Mawar: "Apakah kak Lily belum keluar dari dalam kamarnya, bi?" tanyanya sambil menoleh ke arah kamar Lily.
Bi Sita: "Belum, non." sahutnya singkat. Mawar berjalan pelan mendekat ke arah pintu kamar Lily, dia mengetuk pintu kamar itu beberapa kali hingga akhirnya Lily membukakan pintu.
Lily: "Hai, Mawar." sapanya lembut.
Mawar: "Pagi, kak." sahutnya. "Saya mau pamit, ya, kak." ucapnya lagi.
Lily: "Pamit? Ke mana?" tanyanya dengan rasa penasaran. Lily menatap Mawar yang berdiri di hadapannya.
Mawar: "Saya mau ke rumah mas Hans, kak. Saya sudah menelpon ibu tadi pagi, kak." sahutnya dengan penuh keyakinan. "Dewi membantu mas Hans membeli sebuah rumah." ucapnya lagi. "Mas hans tidak mengontrak rumah lagi, kak." ucapnya dengan wajah yang datar.
Lily: "Ooh, begitu." sahutnya dengan pelan. "Sampaikan salamku pada ibu, ya." ucapnya sambil tersenyum tipis.
Mawar: "Terima kasih atas semua kebaikan kak Lily pada kami." ucapnya dengan wajah sedih. "Aku sangat membenci dengan perbuatan mas Hans." ucapnya dengan penuh penyesalan.
Lily: "Semoga kalian hidup bahagia." sahutnya dengan hati yang tulus. Lily menggenggam kedua tangan Mawar, lalu memeluknya dengan penuh kasih sayang. Mawar menutup kedua matanya, seakan ikut merasakan kasih sayang Lily yang tulus padanya. Tanpa sadar kedua mata Mawar berkaca-kaca.
Mawar: "Jaga diri kakak, ya.
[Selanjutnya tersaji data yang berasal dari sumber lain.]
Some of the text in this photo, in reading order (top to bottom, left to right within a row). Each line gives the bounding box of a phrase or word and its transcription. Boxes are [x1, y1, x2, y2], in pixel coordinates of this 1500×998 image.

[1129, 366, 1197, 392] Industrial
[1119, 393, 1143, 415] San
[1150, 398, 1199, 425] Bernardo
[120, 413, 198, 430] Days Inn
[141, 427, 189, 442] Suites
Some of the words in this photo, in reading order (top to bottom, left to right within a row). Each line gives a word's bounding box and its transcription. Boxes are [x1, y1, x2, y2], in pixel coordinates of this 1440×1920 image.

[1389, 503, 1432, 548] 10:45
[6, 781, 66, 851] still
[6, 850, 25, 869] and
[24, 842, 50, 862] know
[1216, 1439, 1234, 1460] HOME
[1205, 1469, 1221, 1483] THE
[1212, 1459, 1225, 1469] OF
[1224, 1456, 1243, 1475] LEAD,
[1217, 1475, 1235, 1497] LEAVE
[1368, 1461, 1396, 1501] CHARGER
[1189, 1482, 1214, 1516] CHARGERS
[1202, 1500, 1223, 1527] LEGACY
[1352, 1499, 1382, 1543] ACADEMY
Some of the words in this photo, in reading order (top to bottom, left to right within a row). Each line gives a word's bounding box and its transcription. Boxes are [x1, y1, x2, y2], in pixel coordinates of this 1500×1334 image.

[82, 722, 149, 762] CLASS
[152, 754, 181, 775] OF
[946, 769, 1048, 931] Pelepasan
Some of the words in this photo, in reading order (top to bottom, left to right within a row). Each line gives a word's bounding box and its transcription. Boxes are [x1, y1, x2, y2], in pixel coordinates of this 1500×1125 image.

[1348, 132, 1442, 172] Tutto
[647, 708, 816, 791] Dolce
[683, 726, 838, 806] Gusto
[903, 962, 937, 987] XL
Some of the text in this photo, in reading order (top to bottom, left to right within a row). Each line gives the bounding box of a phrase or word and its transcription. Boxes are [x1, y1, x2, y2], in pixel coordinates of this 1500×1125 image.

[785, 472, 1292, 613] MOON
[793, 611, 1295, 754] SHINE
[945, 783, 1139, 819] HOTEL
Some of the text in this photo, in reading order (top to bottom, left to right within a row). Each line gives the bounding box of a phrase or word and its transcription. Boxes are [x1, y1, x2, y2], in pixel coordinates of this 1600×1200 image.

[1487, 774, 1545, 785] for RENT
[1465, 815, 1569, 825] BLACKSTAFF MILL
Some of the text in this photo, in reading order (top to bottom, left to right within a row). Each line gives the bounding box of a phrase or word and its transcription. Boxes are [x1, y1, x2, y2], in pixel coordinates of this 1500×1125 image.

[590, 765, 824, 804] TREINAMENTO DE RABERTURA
Semoga kakak menemukan kebahagiaan." ucapnya dengan penuh harapan. Lily menghapus air mata yang jatuh di kedua pipi Mawar.
Lily: "Jangan sungkan untuk meminta bantuan padaku, ya." ucapnya. Mawar hanya menganggukkan kepalanya lalu tersenyum kepada Lily.
Mawar: "Aku pamit, kak." sahutnya sambil membalikkan badannya, lalu melangkah dengan pelan meninggalkan ruangan itu, sebelum Mawar keluar dari rumah Lily, dia berbalik ke arah Lily dan tersenyum kepada Lily sambil melambaikan tangannya ke arah mantan kakak iparnya itu. Lily hanya tersenyum tipis sambil membalas lambaian tangan Mawar.
Lily: "Kalian telah meninggalkan aku sendiri." gumannya dengan wajah yang sedih. Lily kembali masuk ke dalam kamarnya, dia duduk di lantai sambil menatap barang-barang Hans yang masih tersisa. Lily kembali kesal saat mengingat perselingkuhan Hans, dia melempar satu persatu barang-barang Hans ke lantai hingga terdengar ada retak bahkan pecah.
Lily: "Aku sendirian sekarang. Kamu telah melupakan janjimu, mas." gumannya sambil meneteskan air mata. Tidak mudah bagi Lily melupakan Hans, karena Hans adalah cinta pertama Lily. Walaupun hatinya ikhlas melepaskan Hans, namun tetap saja luka itu masih tersisa dalam hatinya. Lily hanya mencoba membalut luka hatinya hingga benar-benar sembuh.